In 2007, Zepeda starred as the main protagonist in the American telenovela Acorralada, produced by Venevision, alongside Sonya Smith and Alejandra Lazcano.

In 2009, he played the main antagonist in Carla Estrada's telenovela Sortilegio, alongside Jacqueline Bracamontes, William Levy and Ana Brenda Contreras. At the 28th TVyNovelas Awards, he won the award for Best Male Antagonist.

==== 2010s ====
In 2010, Zepeda played the antagonist Alonso Peñalvert in Nicandro Díaz's telenovela Soy Tu Dueña, alongside an ensemble cast including Lucero, Fernando Colunga and Gabriela Spanic.

In 2011, he starred in Rosy Ocampo's telenovela, La fuerza del destino as Ivan Villagomez/McGuire, alongside Sandra Echeverría, Gabriel Soto and Juan Ferrara.

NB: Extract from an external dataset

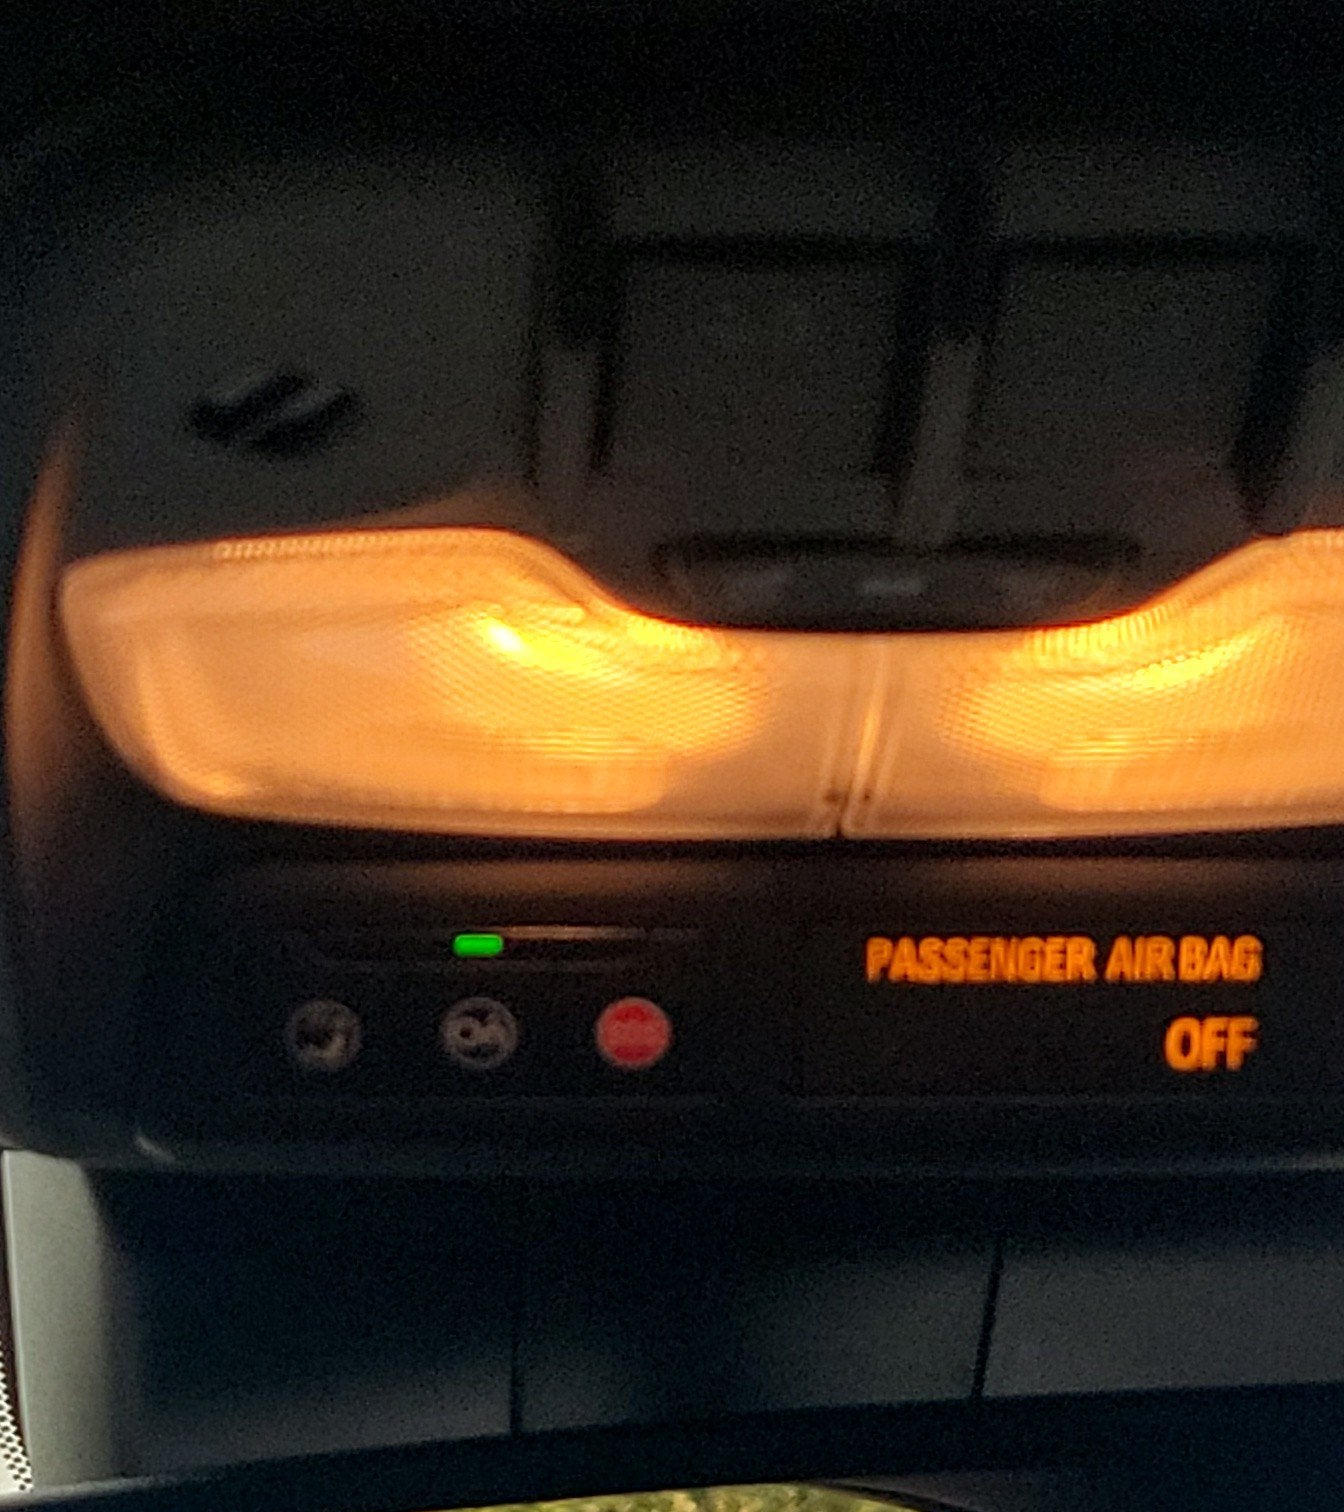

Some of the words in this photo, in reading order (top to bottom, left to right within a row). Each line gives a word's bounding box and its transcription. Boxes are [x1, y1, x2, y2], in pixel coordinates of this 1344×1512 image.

[865, 935, 1097, 983] PASSENGER
[1104, 935, 1176, 983] AIR
[1178, 935, 1264, 983] BAG
[1164, 1016, 1258, 1070] OFF

In 2012, he starred as the protagonist in Abismo de pasión as Damián Arango, alongside Angelique Boyer, Mark Tacher, Blanca Guerra and Altaír Jarabo. His performance earned him the TVyNovelas Award for Best Lead Actor at the 31st TVyNovelas Awards.

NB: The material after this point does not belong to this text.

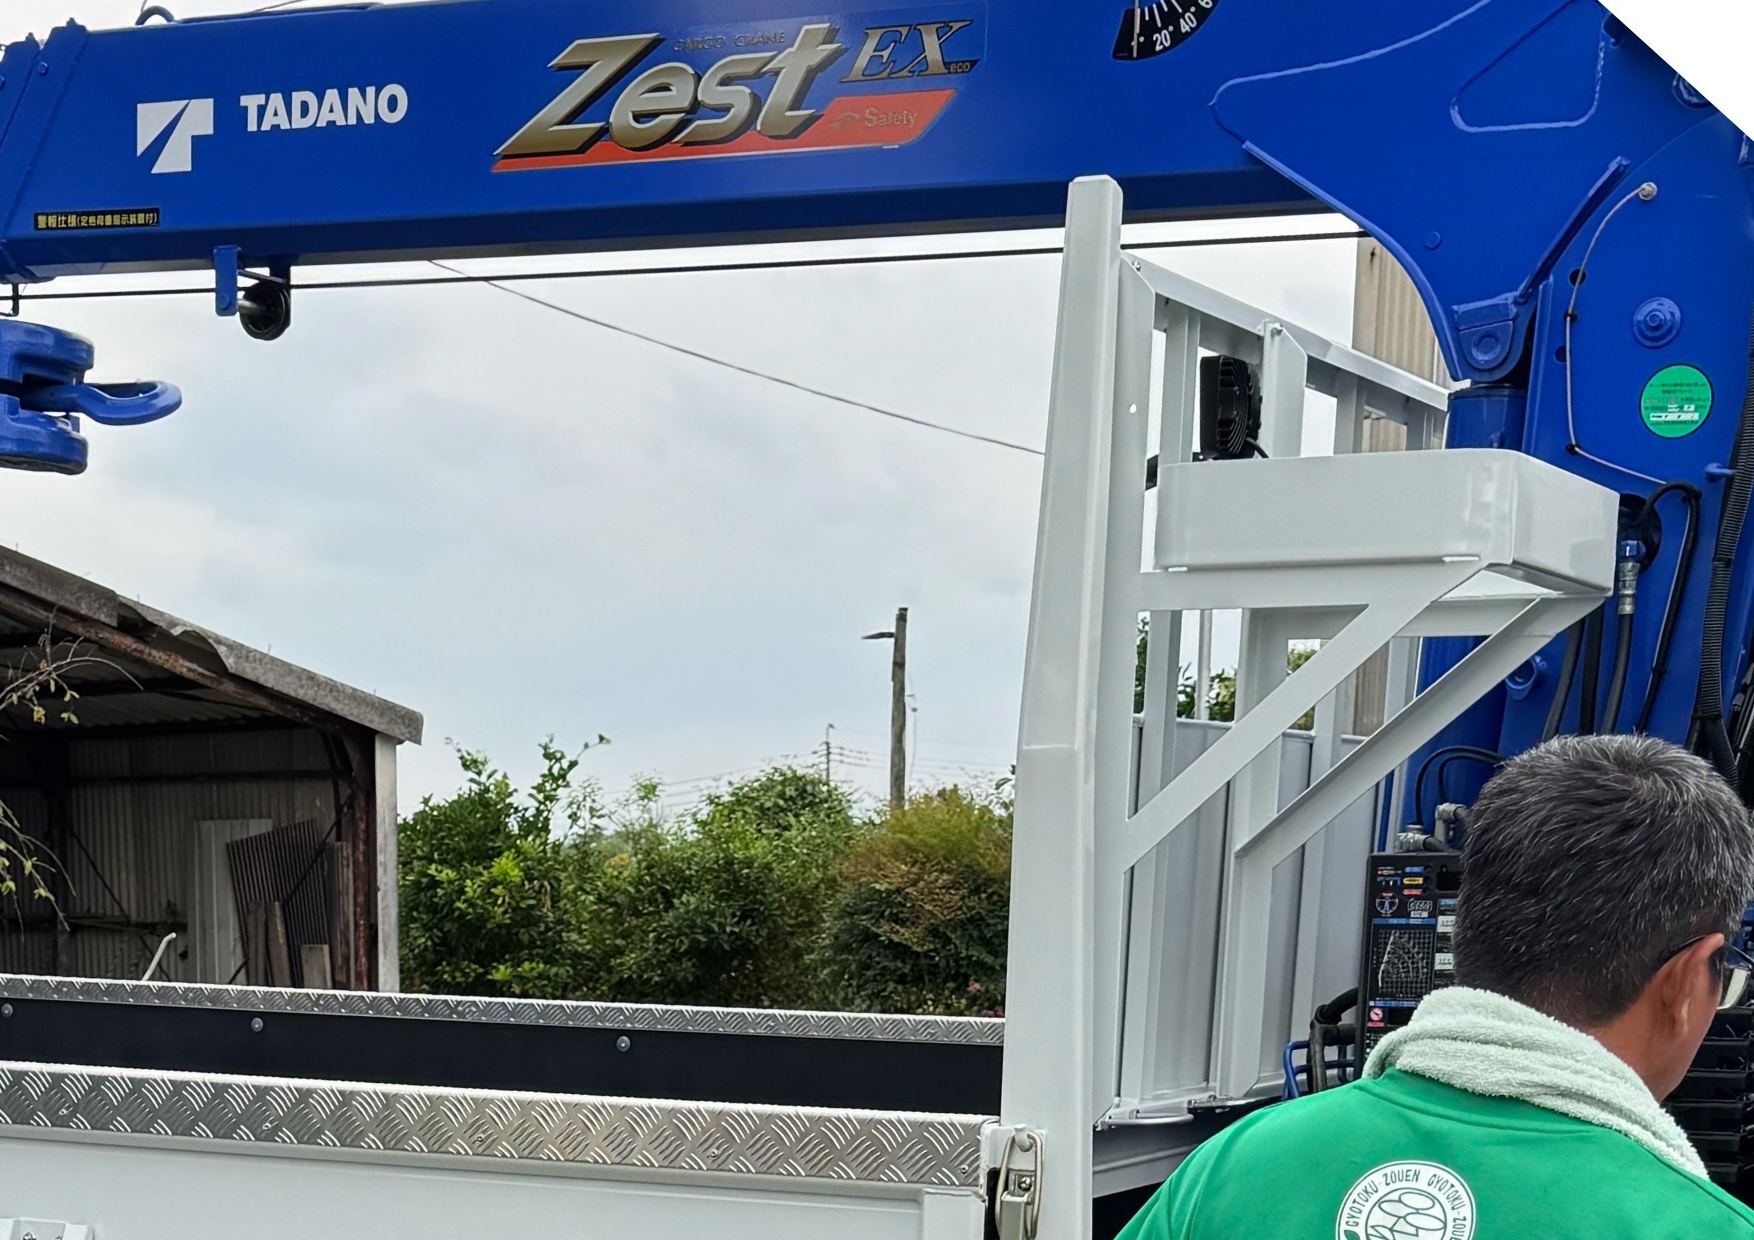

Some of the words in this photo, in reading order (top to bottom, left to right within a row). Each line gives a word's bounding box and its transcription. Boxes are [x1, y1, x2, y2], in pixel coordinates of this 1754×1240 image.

In 2013, Zepeda starred as Ricardo Sánchez Bretón, the protagonist in Rosy Ocampo's telenovela, Mentir para vivir, alongside Mayrín Villanueva, Diego Olivera and Altaír Jarabo. In July 2013, Zepeda debuted as a singer with the release of his first studio album, Volverte a Enamorar, which included the single ″Talisman″.

In 2014, he was signed on to star in Nicandro Diaz's telenovela Hasta el fin del mundo to replace Pedro Fernandez who had quit the show due to marital and health issues. The series is based on the Argentine telenovela Dulce amor produced by Telefe.

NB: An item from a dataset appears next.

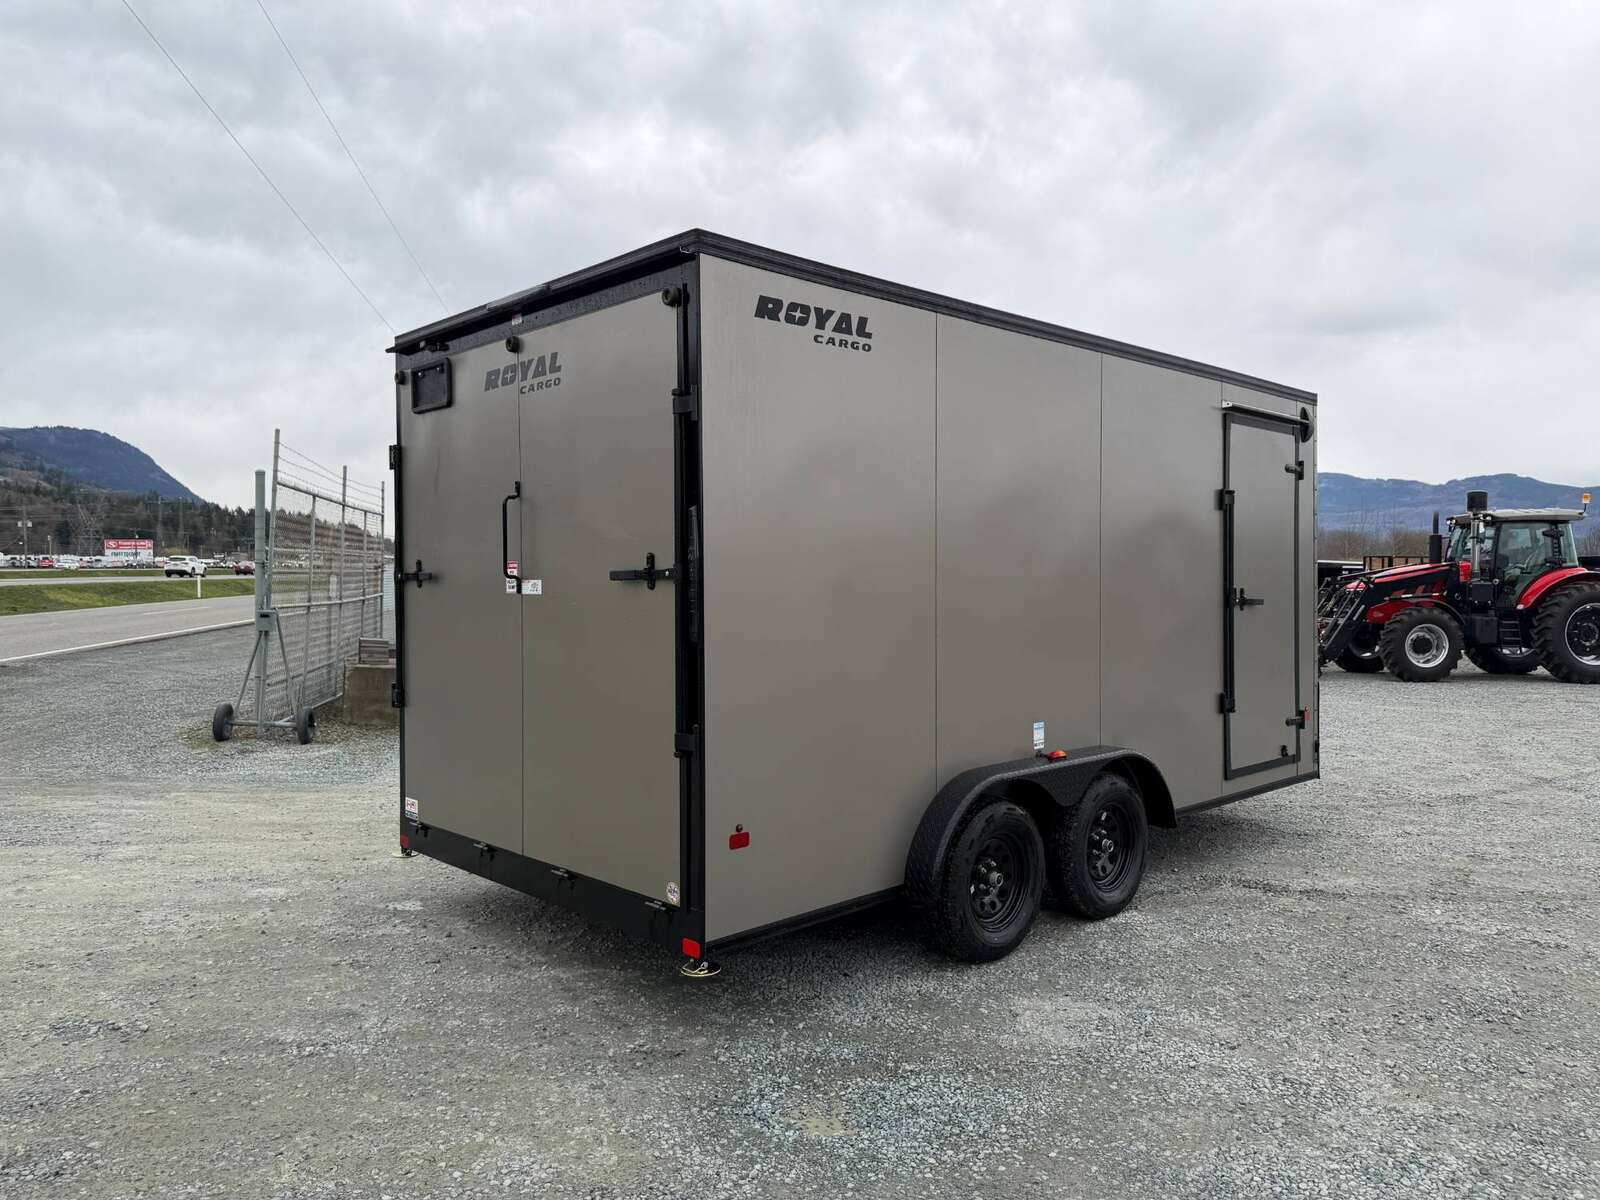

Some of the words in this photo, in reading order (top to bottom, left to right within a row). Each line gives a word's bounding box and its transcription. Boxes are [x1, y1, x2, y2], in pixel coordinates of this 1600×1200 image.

[754, 295, 872, 339] ROYAL
[813, 335, 872, 352] CARGO
[484, 352, 562, 392] ROYAL
[520, 377, 561, 394] CARGO

In 2016, he co-starred in the telenovela Tres veces Ana with Angelique Boyer and Sebastian Rulli. On April 12, 2016, Zepeda released his second album, 1+1=1, debuting as a songwriter with four tracks. On 10 November 2016, Zepeda was confirmed as the male lead in La doble vida de Estela Carrillo alongside Ariadne Diaz.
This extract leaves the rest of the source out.